=== Action item ===
Exactly reproduce the lines from the one holding "this 1600×1200 image." through the final line of the listing below, with both ends included and nothing else.

[Supplied information]

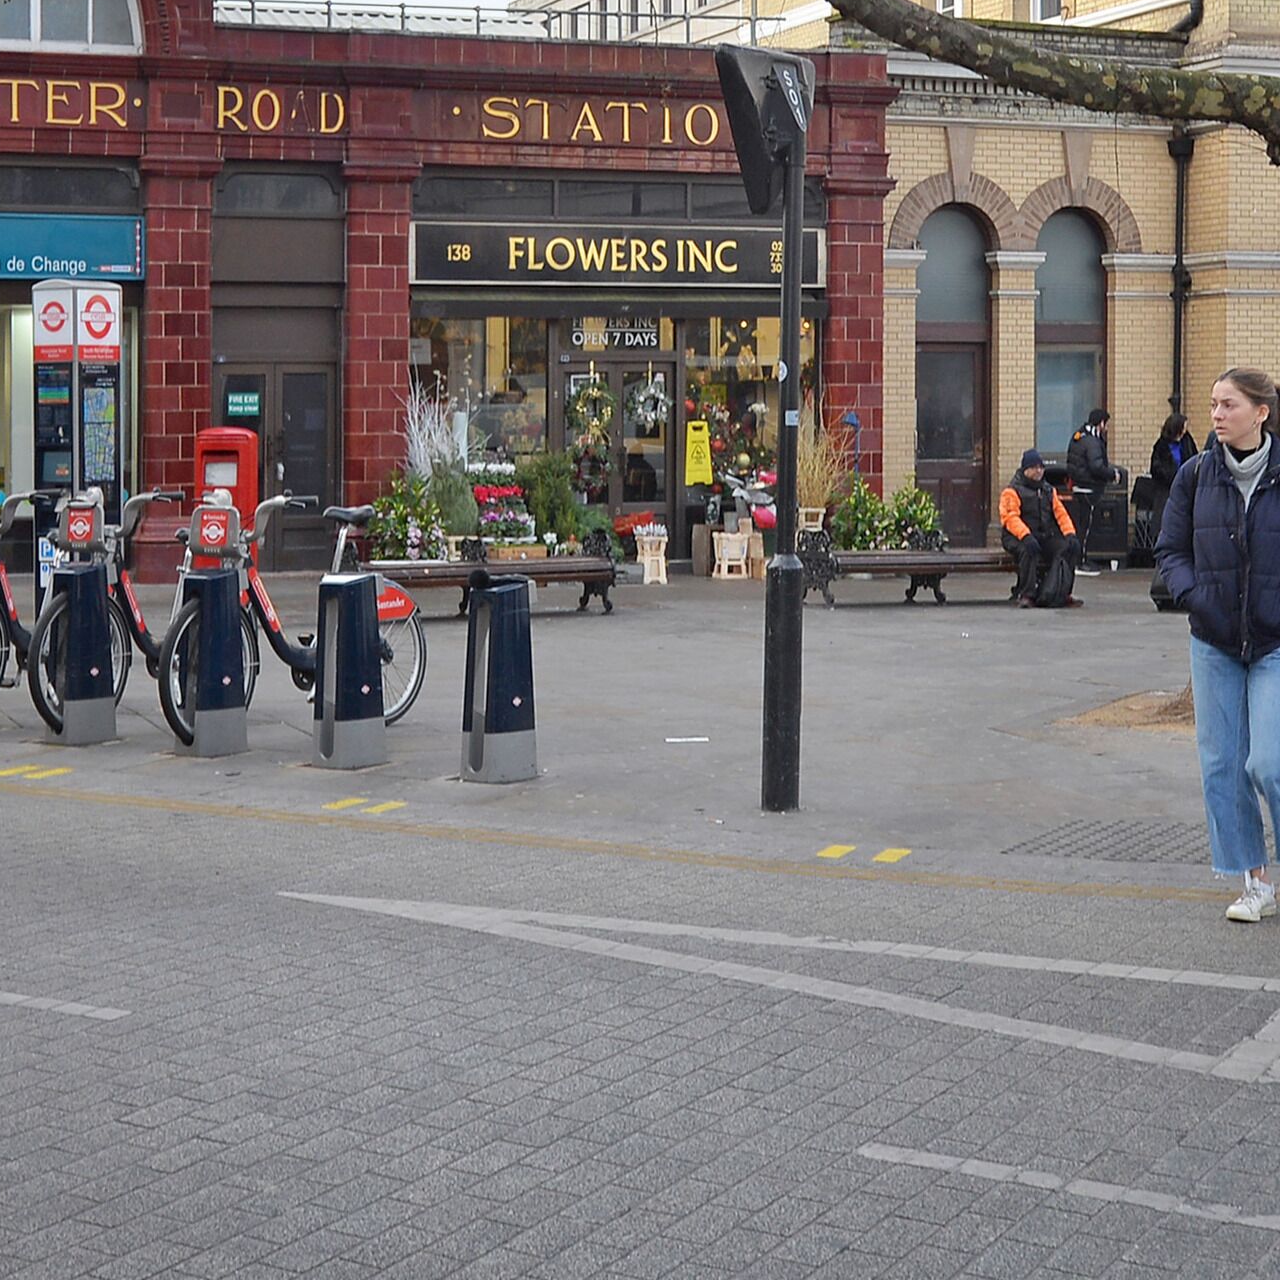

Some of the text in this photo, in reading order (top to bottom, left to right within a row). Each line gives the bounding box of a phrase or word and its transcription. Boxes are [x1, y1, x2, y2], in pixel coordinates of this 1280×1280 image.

[482, 96, 719, 145] STATIO
[771, 240, 783, 252] 02
[447, 236, 739, 274] 138 FLOWERS INC
[770, 251, 783, 262] 73
[7, 256, 25, 272] de
[31, 256, 87, 275] Change
[770, 262, 782, 274] 30
[572, 331, 658, 347] OPEN 7 DAYS
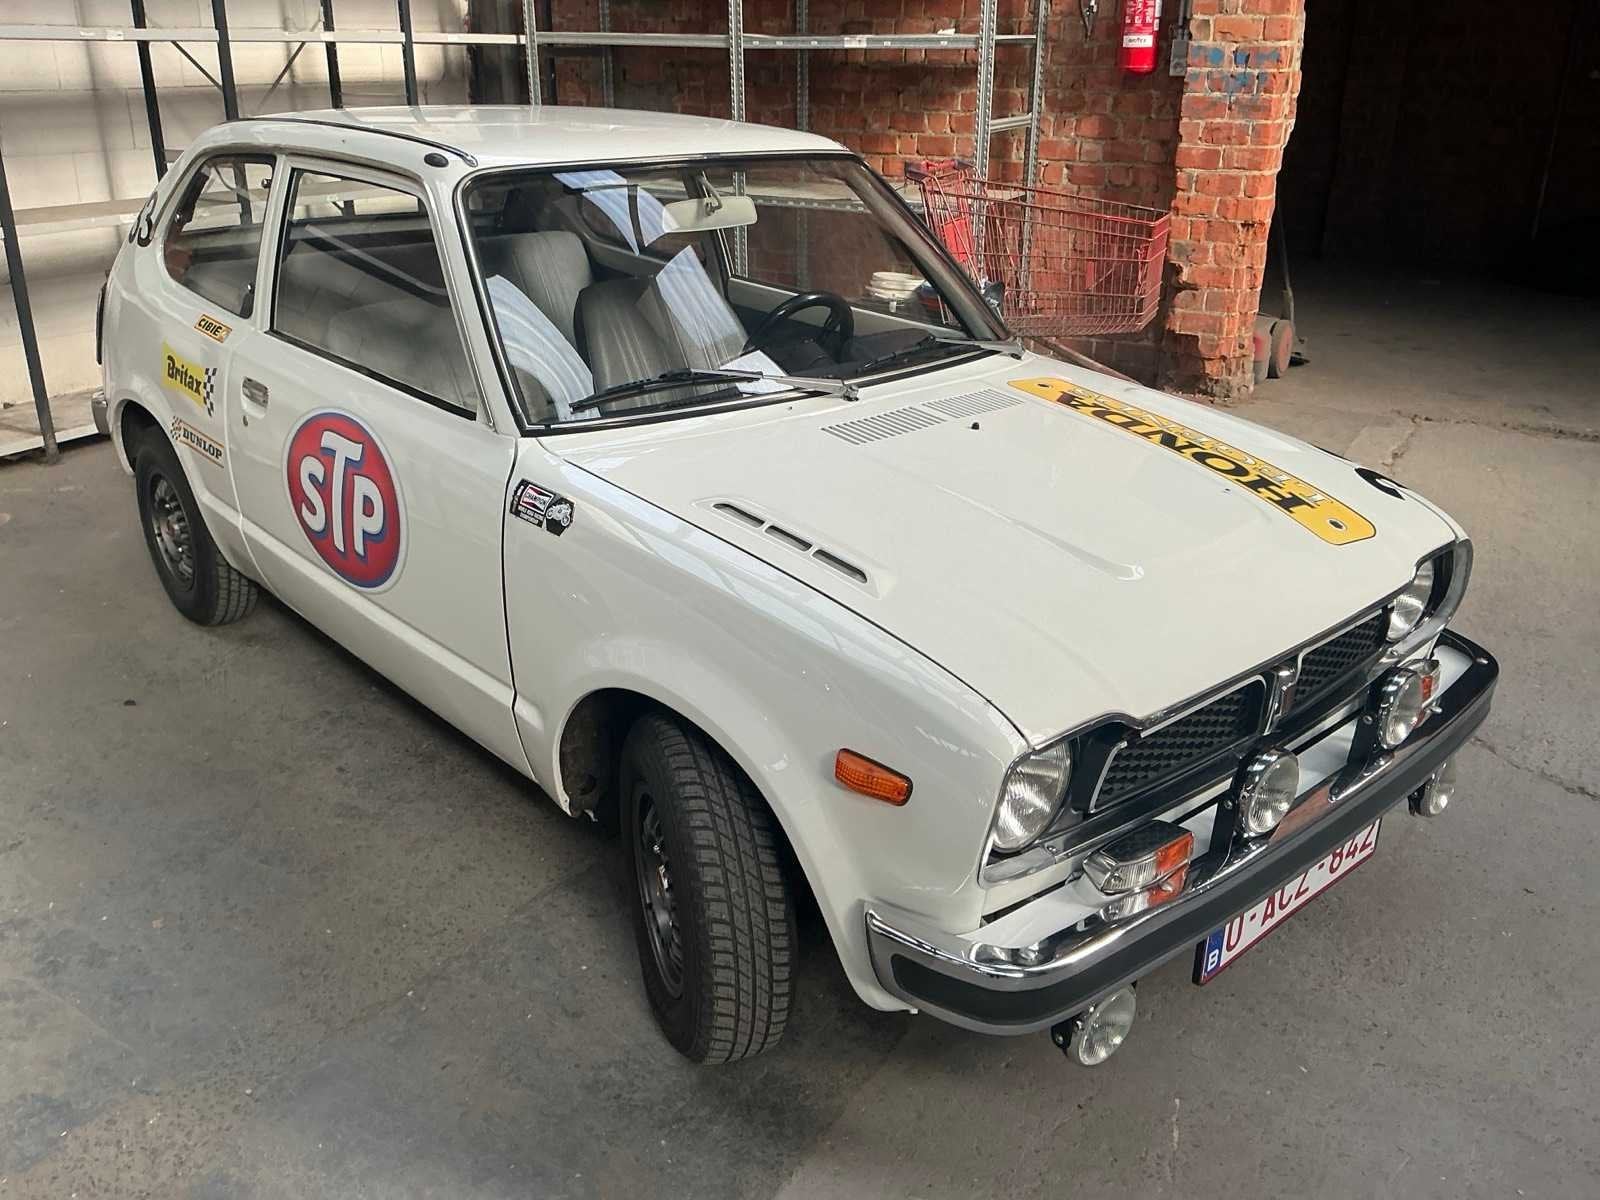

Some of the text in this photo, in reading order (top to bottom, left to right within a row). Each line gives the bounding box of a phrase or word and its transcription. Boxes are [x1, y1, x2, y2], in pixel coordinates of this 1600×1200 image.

[167, 355, 202, 396] Britax
[182, 427, 223, 460] DUNLOP
[1057, 391, 1316, 514] HONDA
[300, 429, 385, 557] STP
[1207, 948, 1220, 972] B

[/Supplied information]

=== Solution ===
Some of the text in this photo, in reading order (top to bottom, left to right within a row). Each line gives the bounding box of a phrase or word and its transcription. Boxes are [x1, y1, x2, y2], in pixel coordinates of this 1600×1200 image.

[167, 355, 202, 396] Britax
[182, 427, 223, 460] DUNLOP
[1057, 391, 1316, 514] HONDA
[300, 429, 385, 557] STP
[1207, 948, 1220, 972] B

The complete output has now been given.